**WHAT TO WORK ON:** Only the closing stretch of the material is wanted: the line containing "Some of the text" and every line after it, transcribed exactly.

**GIVEN DATA:**
***

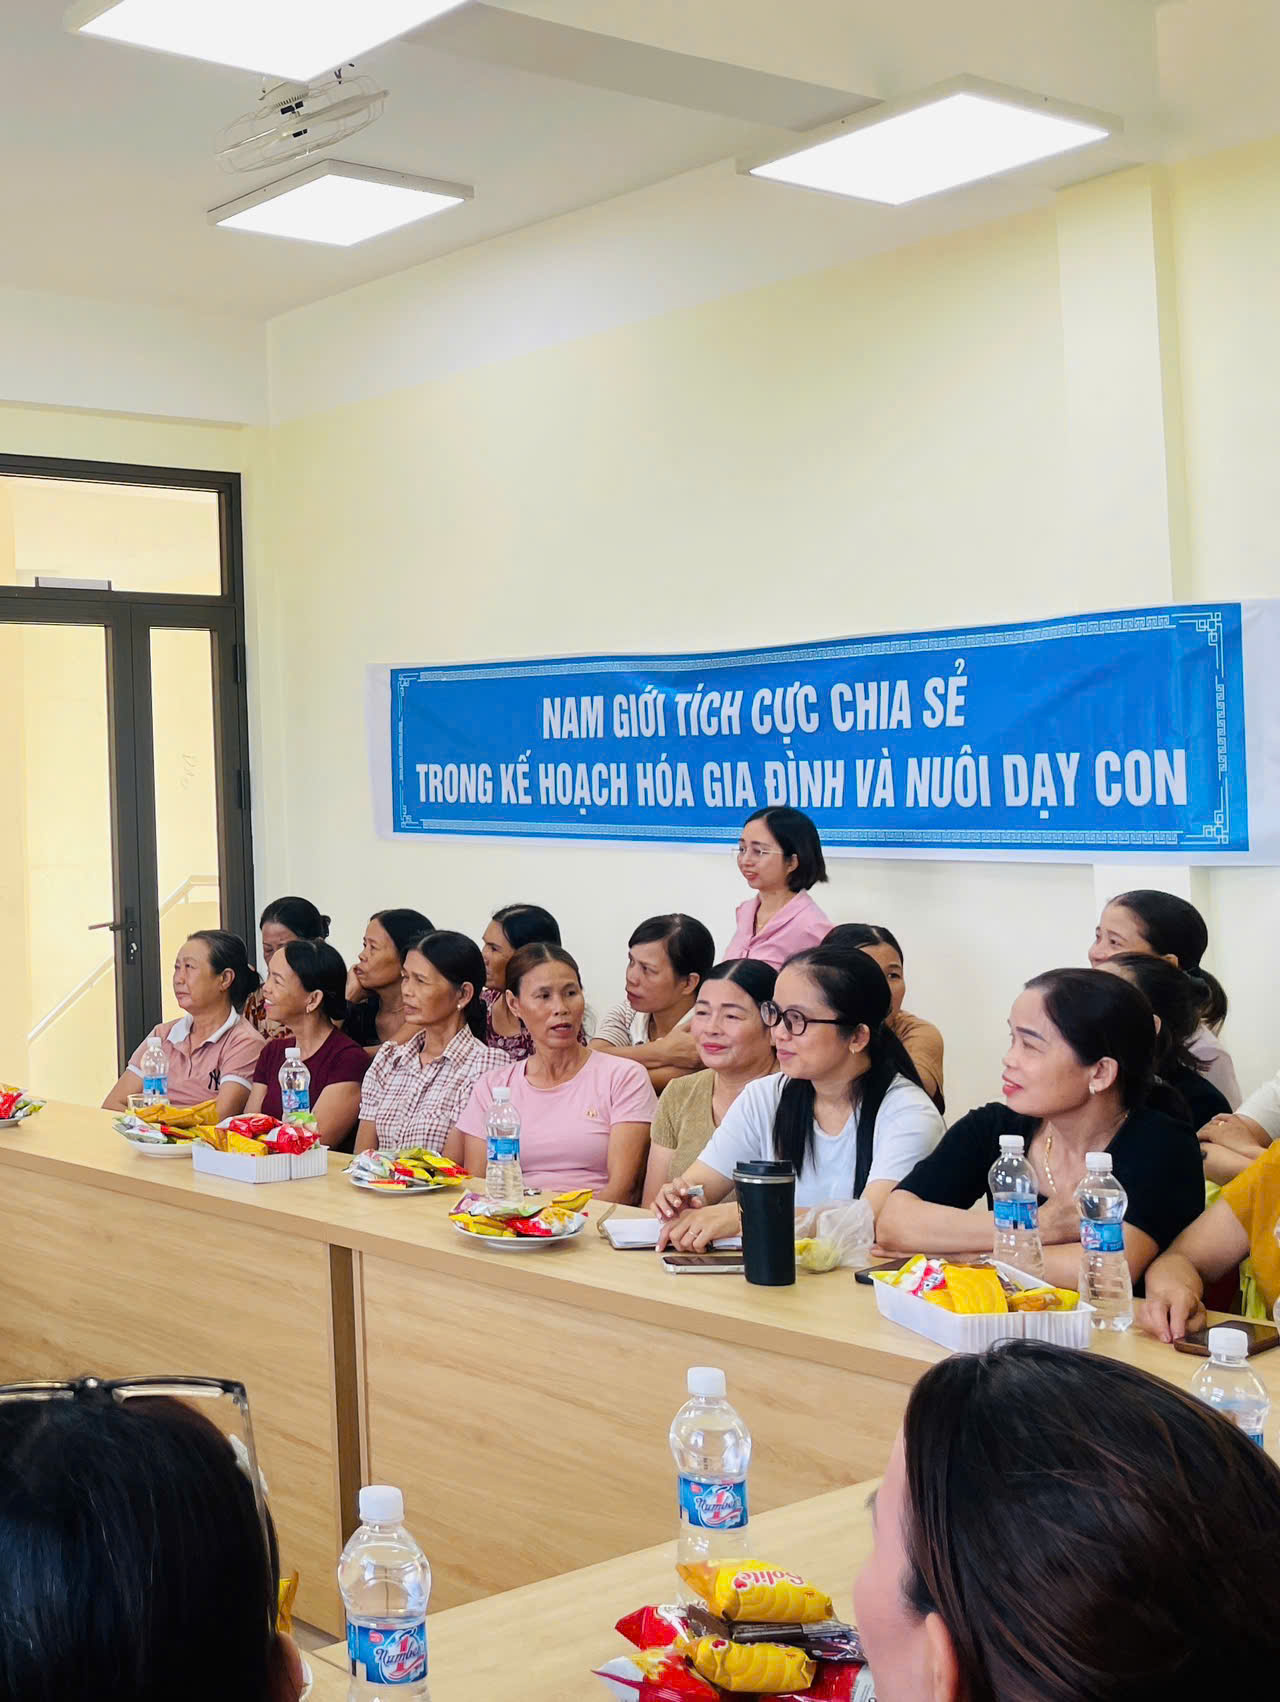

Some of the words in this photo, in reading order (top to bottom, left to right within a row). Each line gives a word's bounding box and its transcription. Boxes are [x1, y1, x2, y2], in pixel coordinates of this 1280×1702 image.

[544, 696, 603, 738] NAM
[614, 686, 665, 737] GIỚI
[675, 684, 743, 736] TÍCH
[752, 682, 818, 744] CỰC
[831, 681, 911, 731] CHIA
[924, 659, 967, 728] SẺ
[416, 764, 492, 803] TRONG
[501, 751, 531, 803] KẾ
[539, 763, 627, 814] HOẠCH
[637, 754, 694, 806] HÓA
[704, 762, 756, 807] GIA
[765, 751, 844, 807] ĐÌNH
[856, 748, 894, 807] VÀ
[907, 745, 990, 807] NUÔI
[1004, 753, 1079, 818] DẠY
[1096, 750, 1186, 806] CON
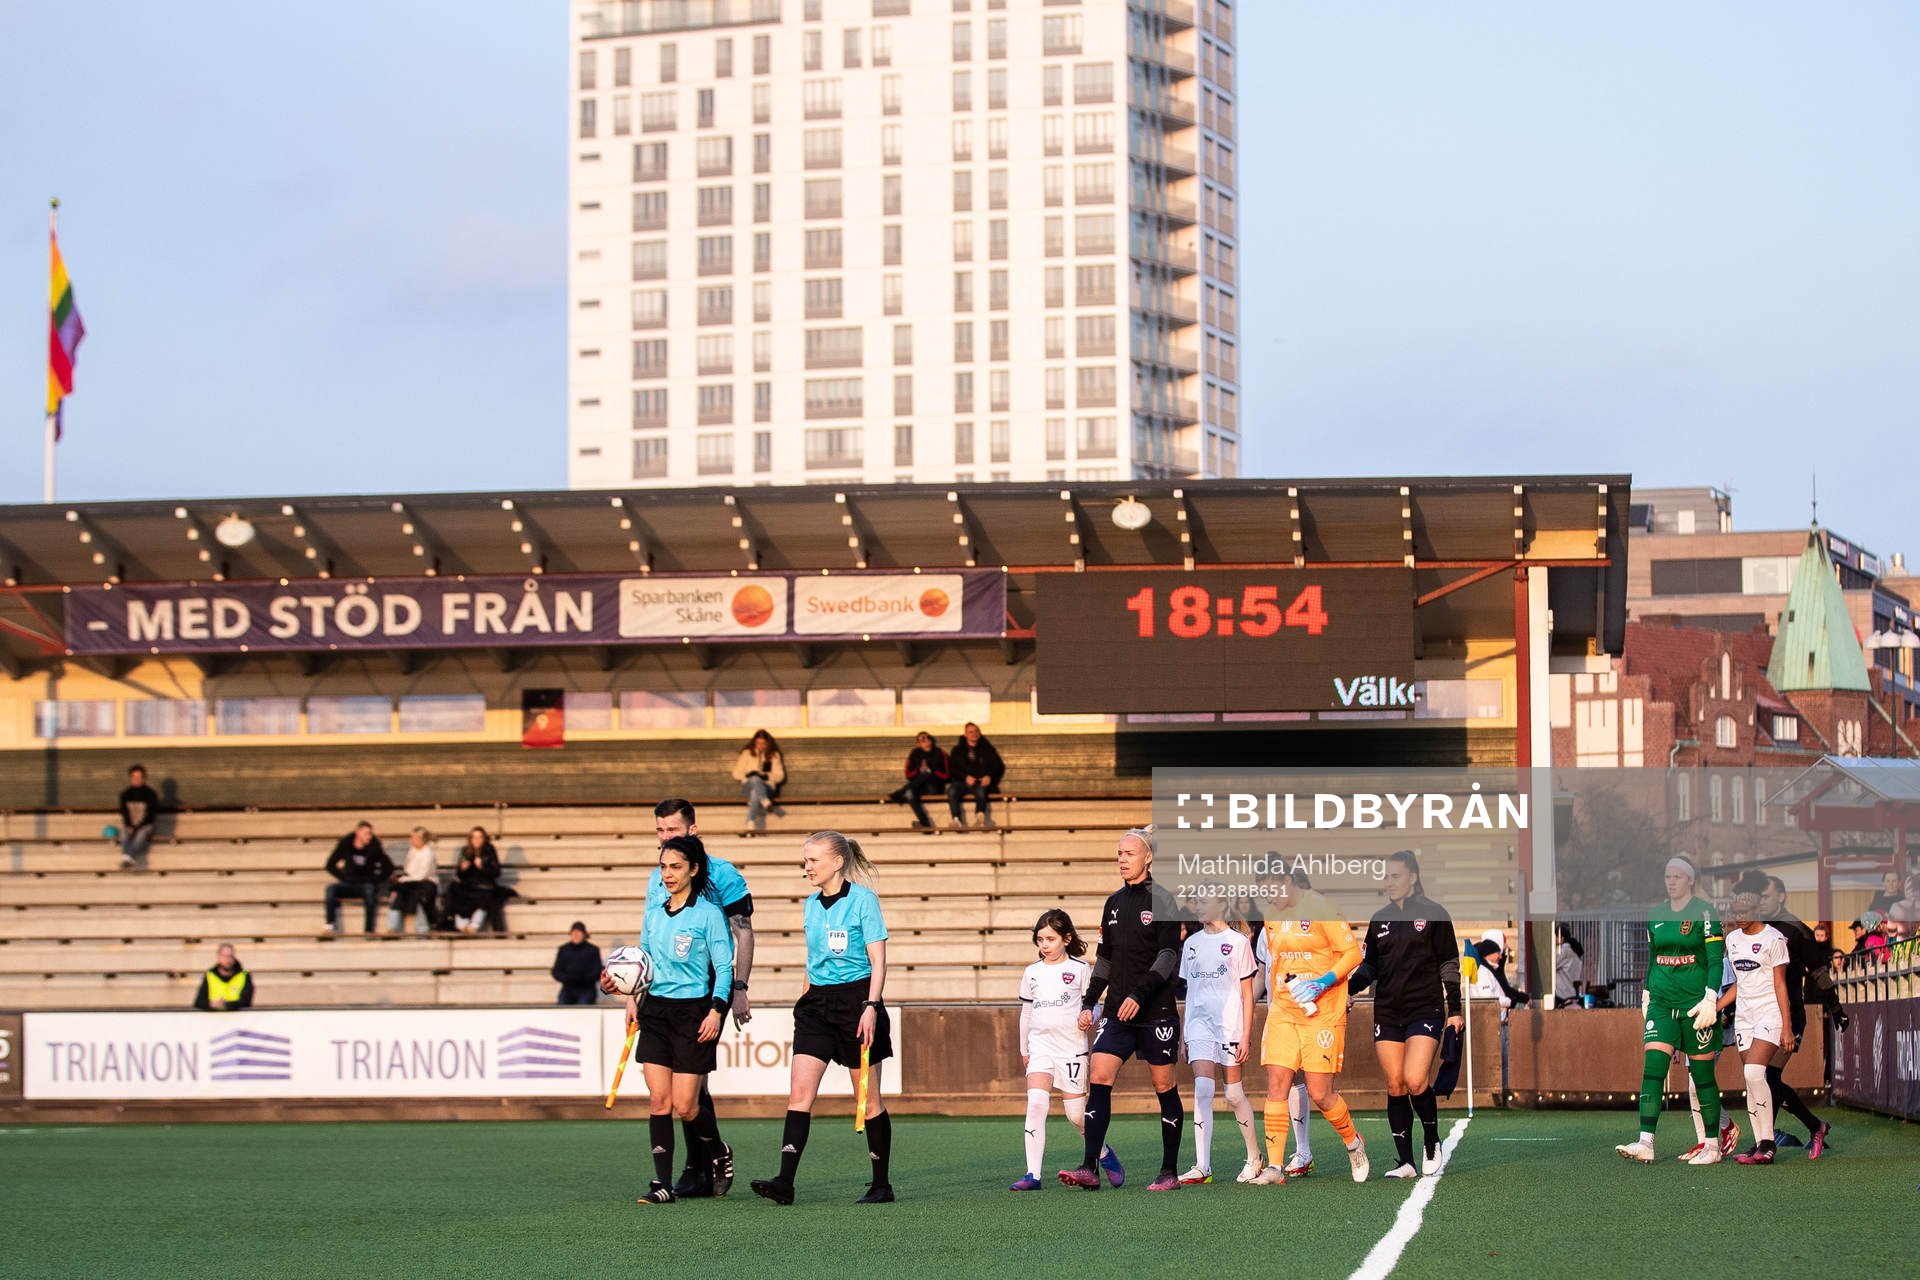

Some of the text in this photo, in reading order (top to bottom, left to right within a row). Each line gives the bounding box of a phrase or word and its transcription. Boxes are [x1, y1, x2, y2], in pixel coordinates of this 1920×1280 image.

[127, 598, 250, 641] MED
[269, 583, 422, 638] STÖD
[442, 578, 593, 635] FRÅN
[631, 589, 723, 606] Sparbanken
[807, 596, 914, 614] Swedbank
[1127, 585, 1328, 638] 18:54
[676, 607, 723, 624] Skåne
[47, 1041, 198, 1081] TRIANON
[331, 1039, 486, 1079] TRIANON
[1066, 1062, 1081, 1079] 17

***

**SOLVED EXERCISE:**
Some of the text in this photo, in reading order (top to bottom, left to right within a row). Each line gives the bounding box of a phrase or word and its transcription. Boxes are [x1, y1, x2, y2], in pixel coordinates of this 1920×1280 image.

[127, 598, 250, 641] MED
[269, 583, 422, 638] STÖD
[442, 578, 593, 635] FRÅN
[631, 589, 723, 606] Sparbanken
[807, 596, 914, 614] Swedbank
[1127, 585, 1328, 638] 18:54
[676, 607, 723, 624] Skåne
[47, 1041, 198, 1081] TRIANON
[331, 1039, 486, 1079] TRIANON
[1066, 1062, 1081, 1079] 17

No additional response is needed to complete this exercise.